Disputed Athonite statement on Crete Council sparks controversy

Mt. Athos, August 3, 2017

Photo: dailymail.co.uk Photo: dailymail.co.uk

A group of representatives from each of the 20 Athonite monasteries met recently to respond to the unrest that has arisen in the Church following last June’s council on the island of Crete that produced a number of documents, several of which have proved controversial. Their statement was eagerly awaited by many in the Church of Greece and throughout the greater Orthodox world, especially after a commission of the Sacred Community of Mt. Athos met in November 2016, issuing a letter to the Sacred Community which offered several critiques of the Crete documents.

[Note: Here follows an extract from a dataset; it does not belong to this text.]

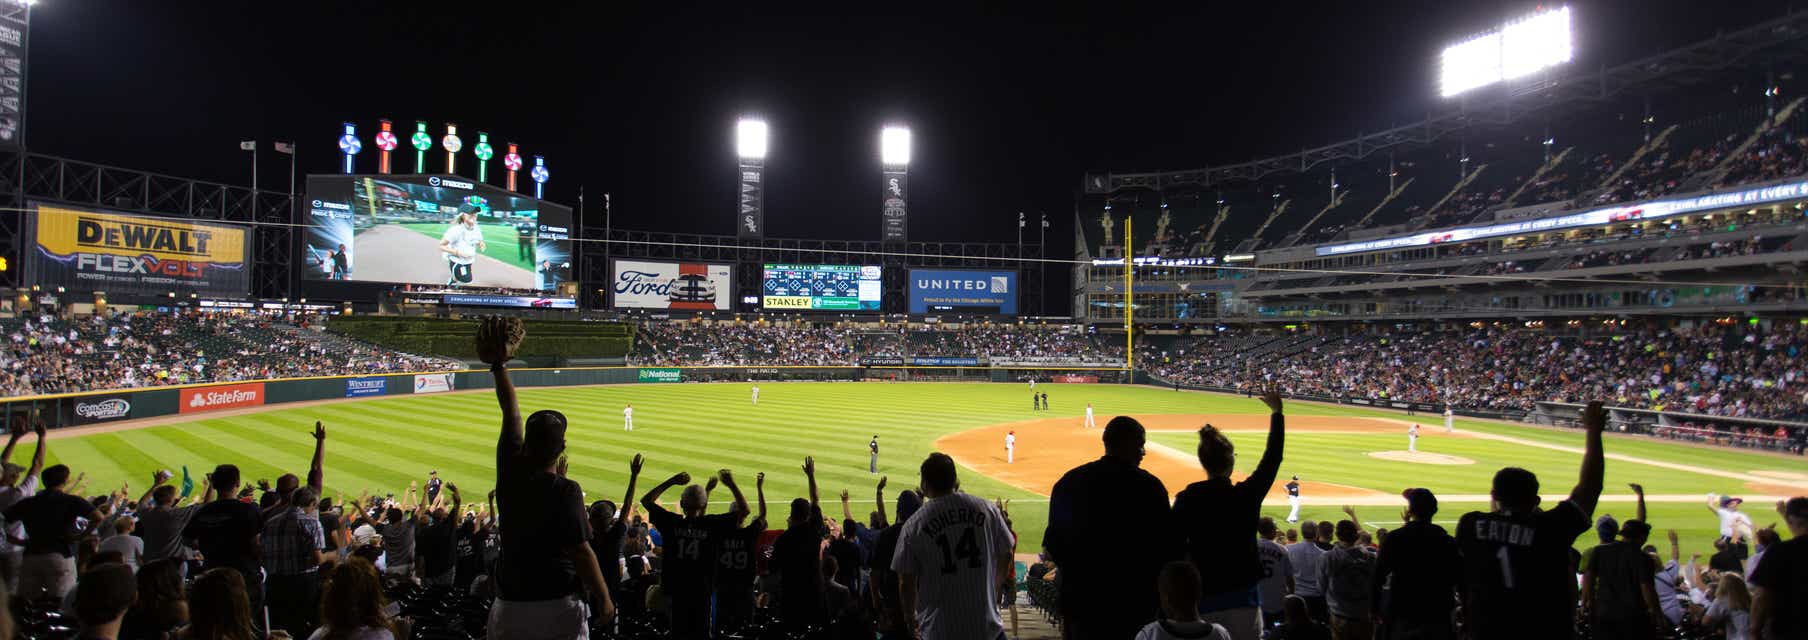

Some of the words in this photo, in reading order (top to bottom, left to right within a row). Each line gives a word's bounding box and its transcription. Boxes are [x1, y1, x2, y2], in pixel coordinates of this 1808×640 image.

The 206th Extraordinary Double Sacred Synaxis of the Holy Mountain, consisting of twenty extraordinary and ordinary representatives of the Holy Community met on June 17/30 to analyze a text, a translation of which is available on the blog Mystagogy. It is known in the Church of Greece that the text was composed not at the session itself, but beforehand by Archimandrite Vasileios (Gondikakis), the former abbot of both Stavronikita and Iveron Monasteries, who is known to be close to the patriarchate in Constantinople. Although the text has been issued on behalf of the entire Sacred Community, it is also know that several of the Athonite monasteries disputed the document.

The text is divided into four sections. The first addresses the unsettled atmosphere that has arisen throughout the worldwide Orthodox Church, stating, “There is no cause for agitation, as long as the Risen Lord is among us.” Further, noting that, as per Scripture, the Church is the pillar and ground of the truth, ever guided by the Holy Spirit, the document states that “all fear is unnecessary” and “neither agitations nor rejections are justified, which lead to schisms.” The statement also goes on to warn against not only schism, but heresy: “We have trust in the love of Christ, not in individual and stale opinions, which lead outside the Church and create the chastisements of heresies.”

This statement mirrors that of Archimandrite Vasileios in his February 3, 2016 article “On the Great Council of the Orthodox Church.” In this publication he spoke more openly, replying to the “superficial ecumenists and fanatical zealots,” who are “prisoners of one and the same prison. They are withdrawn into only their own view, deprived of the boldness of faith and love of truth.”

It is well known that several hierarchs, and even entire Local Autocephalous Churches, have rejected the documents of Crete, without veering into either schism or heresy. The Local Churches of Georgia, Bulgaria, and Antioch, and Russia did not attend the council, and the Orthodox Church in America was not invited. Several attending hierarchs of the Greek, Cypriot, and Serbian Churches refused to sign several of the documents at the council itself, and have continued speaking about the weaknesses and dogmatic errors of the Crete documents after the council. The well-respected Metropolitan Hierotheos (Vlachos) and Metropolitan Athanasios of Limassol have been especially vocal, especially concerning, although not limited to, the “Relations of the Orthodox Church With the Rest of the Christian World” document.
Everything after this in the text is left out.